What to do in case of emergency/overdose?[edit | edit source]
- In case of overdose, call the poison control helpline of your country. In the United States, call 1-800-222-1222.
- Overdose related information is also available online at poisonhelp.org/help.
- In the event that the victim has collapsed, had a seizure, has trouble breathing, or can't be awakened, immediately call emergency services. In the United States, call 911.
Can this medicine be used in pregnancy?[edit | edit source]
- There are no available data with Tecartus use in pregnant women.
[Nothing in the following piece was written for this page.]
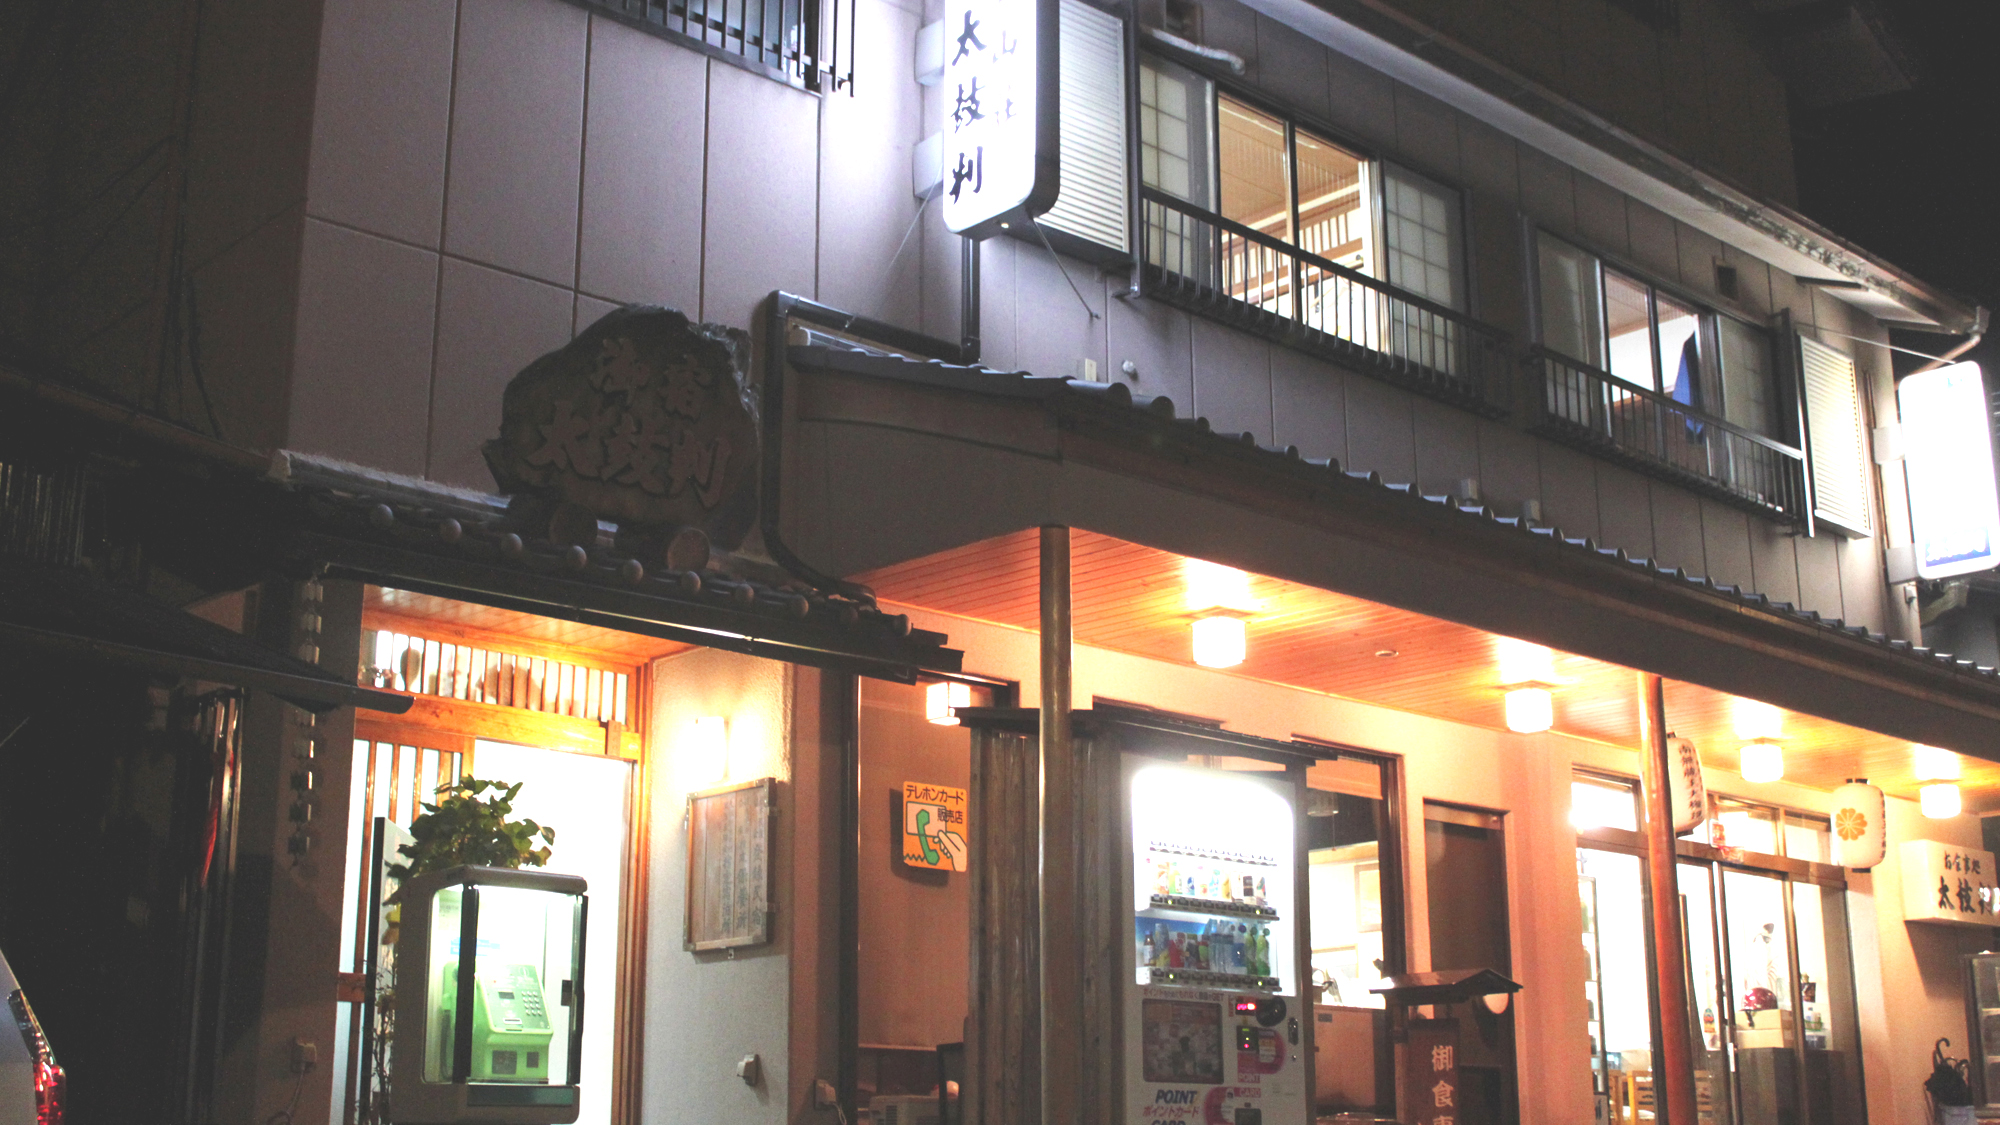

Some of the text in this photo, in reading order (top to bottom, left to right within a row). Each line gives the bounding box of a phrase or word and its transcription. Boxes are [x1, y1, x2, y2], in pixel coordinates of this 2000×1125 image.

[905, 784, 964, 805] テレホンカード
[937, 808, 963, 824] 販売店
[1155, 1089, 1198, 1104] POINT
[1142, 1106, 1199, 1119] ポイントカード
- Therefore, Tecartus is not recommended for women who are pregnant.
Can this medicine be used in children?[edit | edit source]
- The safety and efficacy of Tecartus have not been established in pediatric patients.
What are the active and inactive ingredients in this medicine?[edit | edit source]
- Active ingredients: brexucabtagene autoleucel.
- Inactive ingredients: albumin (human); DMSO.
Who manufactures and distributes this medicine?[edit | edit source]
Manufactured by, Packed by, Distributed by:
- Kite Pharma, Inc.
- Santa Monica, CA
- Tecartus is a trademark of Kite Pharma, Inc.
What should I know about storage and disposal of this medication?[edit | edit source]
- Store Tecartus frozen in the vapor phase of liquid nitrogen (less than or equal to minus 150°C).
- Thaw before using.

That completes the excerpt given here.